Financial intelligence is mostly counter intuitive. Take everything you feel about the economy and turn it on its head.
You’ve heard “buy low, sell high,” right? Sounds easy enough, but how do you do it? Most people buy high and sell low.
This is why the rich are rich and most of us aren’t.
Sell when everyone else is buying. Buy when everyone else is selling. Save when everyone else is spending. Spend when everyone else is saving.
I just met an entrepreneur who positioned himself perfectly for this economy. He said,
“This is great, I just bought a 2.5 million dollar building for 800K. I
hired a dozen unemployed construction workers off craigslist to gut it
and remodel it. I just hired 5 .NET developers for half the price I
would have paid last year.”
What will you do next time? Mark my words, this will all happen again.
That’s how you build wealth. It’s simple, but most people won’t do it. The social pressure to spend when the Jones’ are spending is too great. Most people can’t bear to show up at hockey practice in an old mini-van, when everyone else has a shiny new Denali.
Then when the bust happens, they are broke and paralyzed by fear of unemployment and they miss out on the cheapest prices in a decade.
My neighbors are doing a major remodeling project right now. As I write this, I am looking out the window, and there are four pickups parked outside and even more men inside working. So in this economy, how can they afford it? I don’t know, but I can guess they saved during the boom and they are now paying half the price they would have paid two years ago.
Booms and busts are as certain as night and day. They are the natural cycle of economic life. Trying to rid the economy of booms and busts is like trying to rid the world of night and day.
This is simple if you build self-discipline and refuse to be herded into the latest stampede.
2006 was the top of the last boom. Most people I knew were buying new cars, buying new homes, remodeling, and spending like the good times would never end. About that time I had a conversation with a real estate agent about investment properties that went like this…
“Sooner or later the price of homes will drop.”
“It isn’t going to happen. It hasn’t happened since the 1930s.”
“Doesn’t mean it can’t happen again.”
“It’s happened in a few localized markets, but not one like ours.”
“What goes up, must come down. The higher it goes the farther it has to fall.”
“Unemployment would have to skyrocket and I can’t see that happening, not now. They are projecting a million more people in the metro area in the next 10 years.”
“Hmm, so buy now, it’s only going up?”
“If you buy this house (600K), it’ll be worth 30K more by the time you close. You can’t lose. You don’t want to get left out. Don’t leave money on the table.”
The words “you can’t lose” were the trigger.
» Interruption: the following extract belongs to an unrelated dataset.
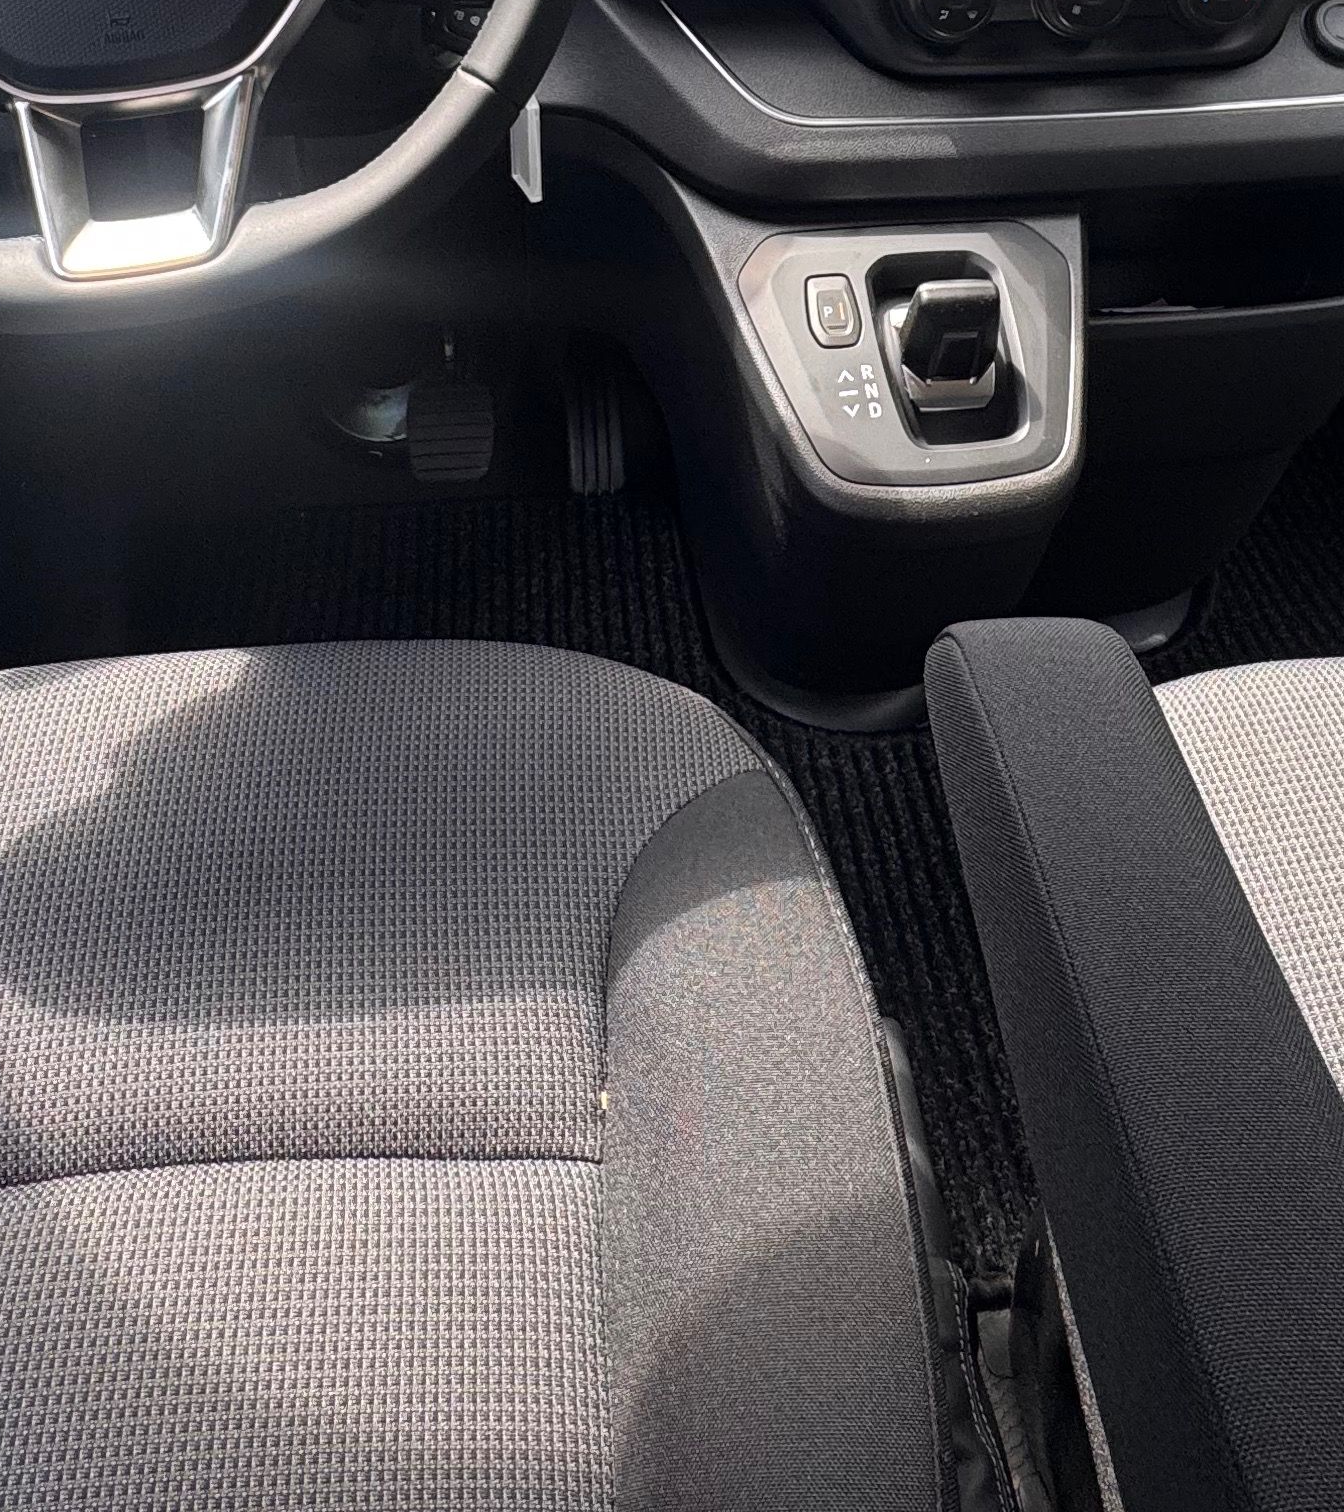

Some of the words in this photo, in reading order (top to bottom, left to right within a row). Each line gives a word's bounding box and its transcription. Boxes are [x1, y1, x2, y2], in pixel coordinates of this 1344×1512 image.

[822, 305, 834, 319] P
[860, 364, 875, 380] R
[864, 383, 880, 399] N
[868, 401, 883, 419] D
You see, if I had done what I knew was right, I would have sold him my home and rented an apartment. I didn’t sell because it would have been too disruptive to my family and Christine’s business. In retrospect I
should have, I would have made a pile of dough, and right now I’d be buying the 600K house for 300K.
But no matter what you do, you can lose, and you should be willing to accept responsibility for your loss. Take calculated risks, not blind gambles. Responsibility for the results of your actions, good or bad, is the foundation of freedom.